Symbionts determined to be correlated through observation could be interacting in three ways.

First, directly within a host though predation or mechanical facilitation (Bandilla et al. 2006).

Second, indirectly within a host by competing for limited host resources (Ishii et al. 2002, Hardin

1960), or by altering host immune responses (Su et al. 2005). Third, indirectly through site level

co-existence by altering host behavior (Daly and Johnson 2010). Some of the most thoroughly

explored symbiont-interaction studies focus on parasite antagonism in where the presence of one

parasite reduces the success of another. In the same system described above, Sandland et al.

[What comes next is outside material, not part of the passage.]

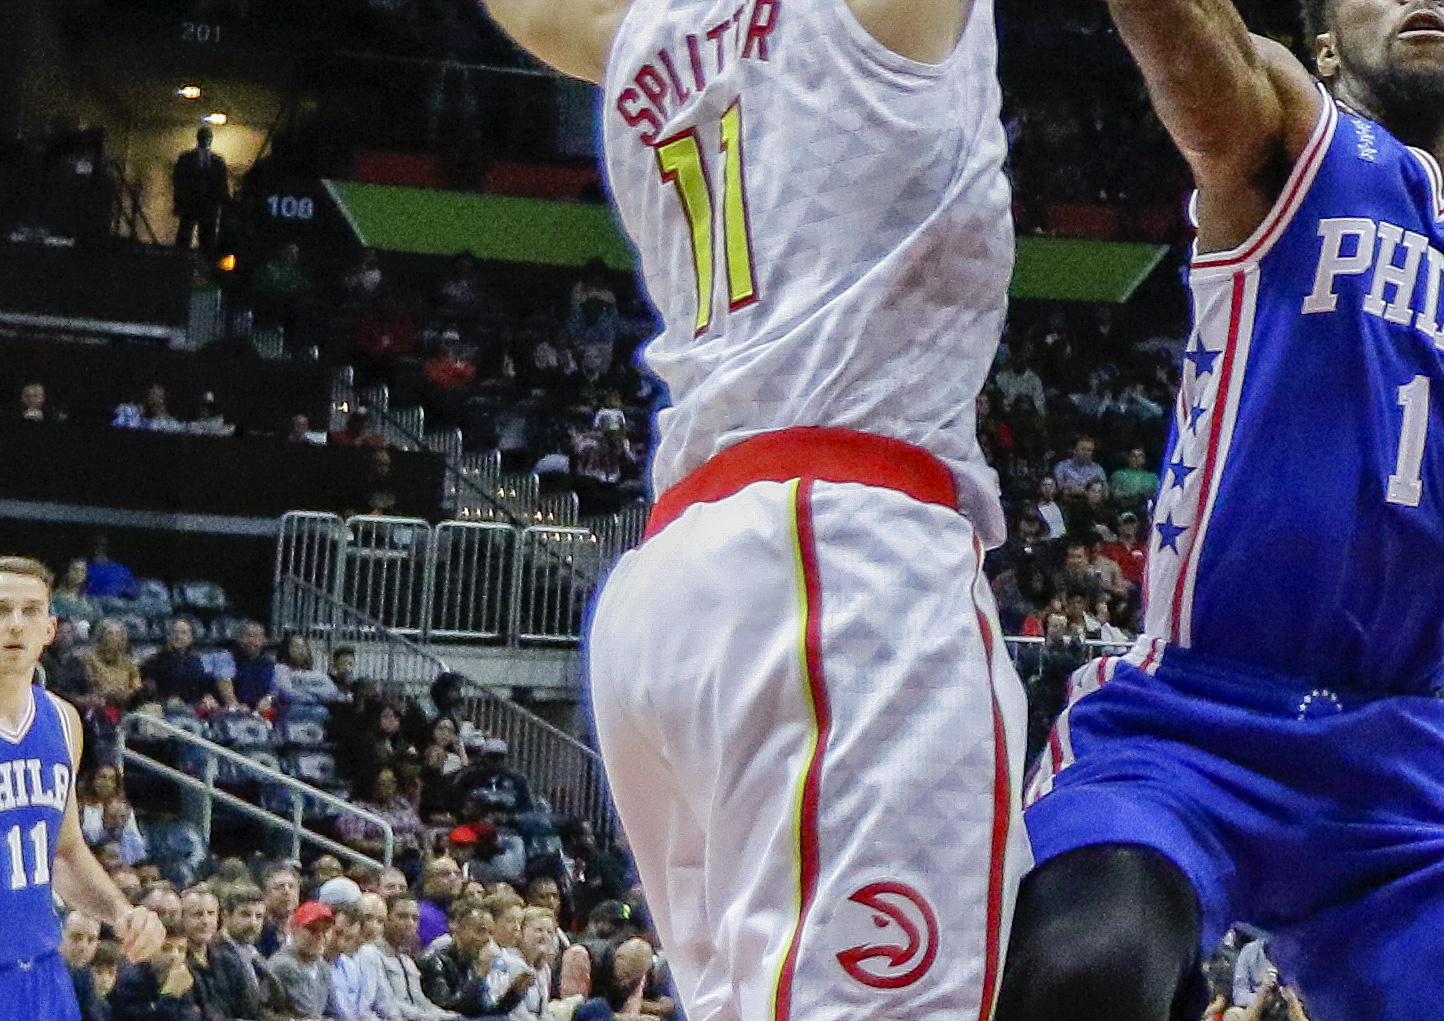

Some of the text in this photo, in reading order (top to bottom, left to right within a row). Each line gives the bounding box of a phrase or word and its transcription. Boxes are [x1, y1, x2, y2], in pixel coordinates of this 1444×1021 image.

[654, 93, 760, 339] 11
[1385, 374, 1431, 508] 1
[7, 819, 51, 891] 11

(2007) demonstrated that co-infection of S. mansoni-positive snails with Echinostoma caproni (a

complex-lifecycle trematode) reduced pathology and prevalence within the snail host as

compared to snails solely infected with S. mansoni. However, two parasite-in-host interactions

may be an oversimplification of what occurs at the symbiont community level because it’s likely

that one or more such interactions are co-occurring within any given symbiont community

(Pedersen and Fenton 2007). Looking at symbiont interactions from this more broad perspective

have led to interesting insights on how symbionts can influence host disease. One major

hypothesis linking biodiversity to disease is the ‘dilution effect’ which proposes that an increase

in parasite richness (number of different parasites species) will increase cross-parasitic species

competition. This, in turn, reduces the success of the most virulent parasites. Johnson and

Hoverman (2012), using lab and field data, demonstrated an intra-host dilution effect by showing

that an increase in parasite richness was correlated with a decrease in overall infection success,

including infection by the most virulent parasites. For these reason it is crucial to include all

organisms inhabiting a studies’ host when studying symbiont communities.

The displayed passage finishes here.